そろそろ夏休みが終わるかという時期だが、夏は相変わらず続いており、下手に暑さを知っているだけにこのまま学校に行く事になるという事実を受け止めて、いっそ夏休みが終わったと同時に秋になればいいのにと思う今日この頃いかがお過ごしでしょうか。

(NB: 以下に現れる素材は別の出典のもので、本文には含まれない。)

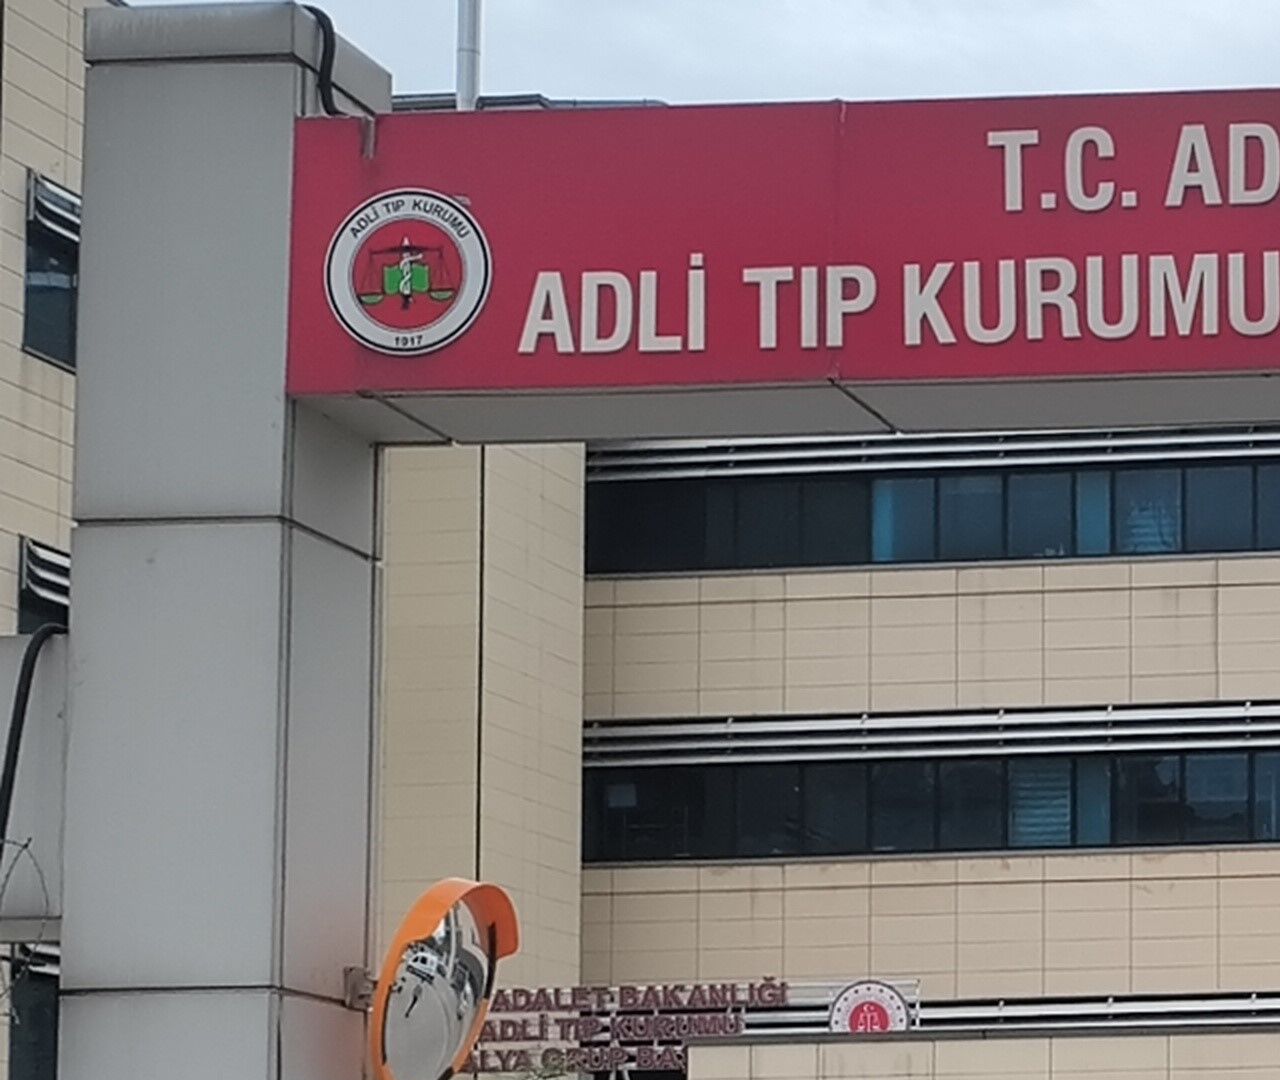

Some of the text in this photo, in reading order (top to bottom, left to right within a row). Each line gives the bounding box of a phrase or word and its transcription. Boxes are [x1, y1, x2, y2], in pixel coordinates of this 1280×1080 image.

[987, 126, 1138, 212] T.C.
[350, 199, 471, 239] ADLİ TIP KURUMU
[517, 253, 707, 354] ADLİ
[742, 264, 878, 350] TIP
[394, 335, 424, 346] 1917
[490, 976, 788, 1012] ADALET BAKANLIĞI
[479, 1014, 743, 1042] ADLİ TIP KURUMU
[541, 1047, 628, 1073] GRUP
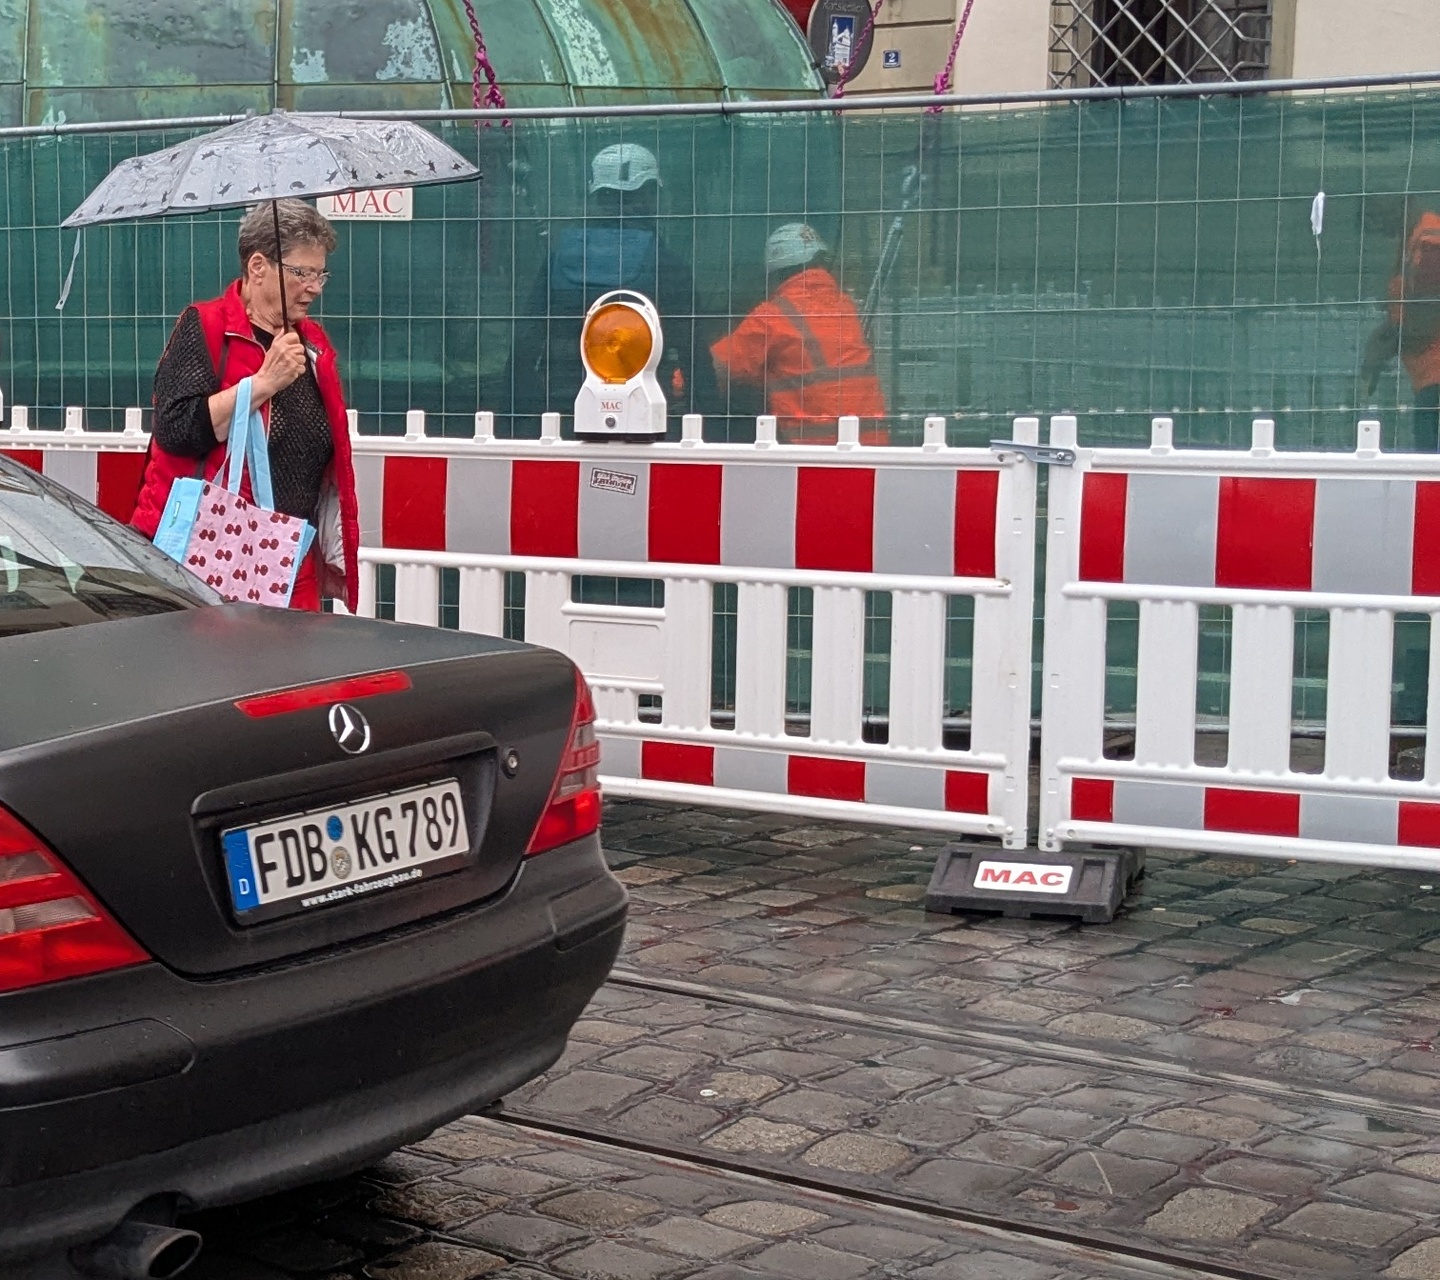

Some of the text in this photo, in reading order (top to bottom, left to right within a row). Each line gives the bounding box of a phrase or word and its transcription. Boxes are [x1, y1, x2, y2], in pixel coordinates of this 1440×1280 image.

[888, 52, 896, 63] 2
[331, 188, 404, 214] MAC
[601, 401, 622, 410] MAC
[239, 878, 251, 896] D
[254, 824, 328, 895] FDB
[980, 868, 1065, 887] MAC

そんな事を考えているとカリカリと机にペンを叩きつけるような音が聞こえてくる。マコトが血眼になって机と向き合っているのは決して締め切り間際の漫画家でも小説家でもなく、そろそろ夏休みが終わるけど宿題が終わっていない学生でした。
「早く終わらせておけばいいのにー」
と俺。
「キミカちゃんが既に宿題終わってるなんて!!キミカちゃん、そういうキャラじゃないのに!!」
「え、ちょっ、なにそれ、主人公キャラは馬鹿で特技が何もなくて色々な道具を出してくれる耳のないネコ型ロボットに助けてもらう系って前提…あたしは優等生組なんですよ?おほほほ」
「ネタ的には夏休みが終わる頃にまだ宿題が終わってないで大慌てになってがほうが後で色々面白いじゃないかァァァ!!」
「…手伝わないよ?」
「えぇぇぇぇえぇ!!」
「あたしの宿題ならコピペしてもいいけど、全部同じ答えにしたらどっちが写したのかわからなくなるから適当にハズしてね」
「ぼ、ボク、夏休みの宿題を可愛い女の子に一つ一つ教えてもらうのが夢だったんだ…」
そう言いながら「にへぇ」という笑顔で俺のほうを見てくるショートカットの美少女…しかし、残念ながら俺には人に親切丁寧に色々教えてあげるような先生肌気質は持ち合わせていない。人にはそういう「誰かに教えたい派」と「教えるの面倒臭ぇ派」の二つが存在するが、俺はそもそもクールな性格をしているので自分のおかげで誰かが喜んでいるか感謝しているか、そういう反応をしているのを見てもなんとも思わない、つまり後者のほうである。結局時間を損したな、ぐらいにしか…。
「はぁッ!」
と、俺はドロイドバスターに変身、驚くマコトをよそに、そのまま透視能力を使って1階にある冷蔵庫からアイスキャンディーをグラビティーコントロールで取り出し、そのまま2階まで運んだ。
そして変身を解く。
「な、なんていう能力の無駄遣い…」
マコトが相変わらずのツッコミをしてくる。
「ドロイドバスターに変身するということイコール正義の行為を行わなきゃいけないという固定概念に支配されていては、これからの激動の時代を生きていくことは難しい…」
「な、なるほど…」
「っていうか、早く宿題終わらせないと!」
「うわぁぁぁあぁぁ!そうだったぁぁあぁあぁぁ!!!」
そんな会話をしながらも俺はぺろぺろとアイスキャンディーを舐めていると携帯から電話が。着信音からすると後輩の誰かだな。
『はい、もしもし』
『おねぇぇぇぇさまぁぁぁぁん!!』
この声はメイか。今にもエクスタシーを迎えそうな声だな。
『どうしたの…またテレフォンセックスとか、』
『違いますわ!明日はお暇ですの?今の時期ですから…宿題は終わらせていらっしゃいますの?』
『大丈夫大丈夫、全部終わってるよ』
『では、わたくしと一緒に日帰り旅行などいかがですか?』
『いいよぉ〜』
『ふたりきりで…といきたいところなのですが…残念ながらユウカ先輩とナノカ先輩がセットなのです…』
本当に残念そうな声を出すなぁ…。
『どこへ行けばいいの?』
『明日の8時にわたくしの家まで。そこからは執事が運転する車で広島の恐羅漢に行きますの。夏のスキー場はまた違った美しさがありますわ。そこで昼食を頂いて、温泉に入って帰りますのよ?』
『いいねぇ…了解!8時にメイの家だね!』
『お待ちしておりますわ!』
…。
電話を終えてから、マコトがジッと俺のほうを見ている事に気づく。ジッというよりジトーっと言ったほうがいい。
「え、えっと、明日、あたしは外出、」
「ボクを置いて…外出するんだね…」
「ま、マコトはまだ宿題があるじゃん?」
「今、テレフォンセックスがどうとか言ってたじゃん!!何をするんだよおぉぉぉぉおおぉ!!(号泣)」
「いや、メイだよ!メイとユウカとナノカだよ!!もう!あたしが男と一緒にどっか行くなんてありえないから心配しないで」
「うっうっ…キミカちゃんが側にいてくれるだけで、宿題に対するヤル気も倍増するのに…」
「いやいやそれはないない」
「なんでだよォォ!!」
「部屋にシャツとパンツ一丁の女の子がウロウロしている時点で普通の男なら気になって集中できないはずだよ。そう、まるでパソコンの画面の背景の壁紙をエロゲのエッチシーンにしていたら集中できなくて気がついたら一人エッチばっかりしていたという感じに…」
「た、確かにそうだ…いや、ちょっと待ってよ…キミカちゃんが部屋にパンツ一丁でウロウロしていた時にボクが宿題をしていたのが殆どなわけだから、ボクが今まで宿題がまともに出来ていないのは、キミカちゃんがパンツ一丁でウロウロ、」
「よーし、ちょっとスタバに行ってくるかなー」
「ちょっ、キミカちゃぁぁぁーん!!」
泣き叫ぶマコトをよそに俺はドタドタと2階の階段を駆け下り(途中で器用に服を着ながら)スタバへと出掛けるのだった。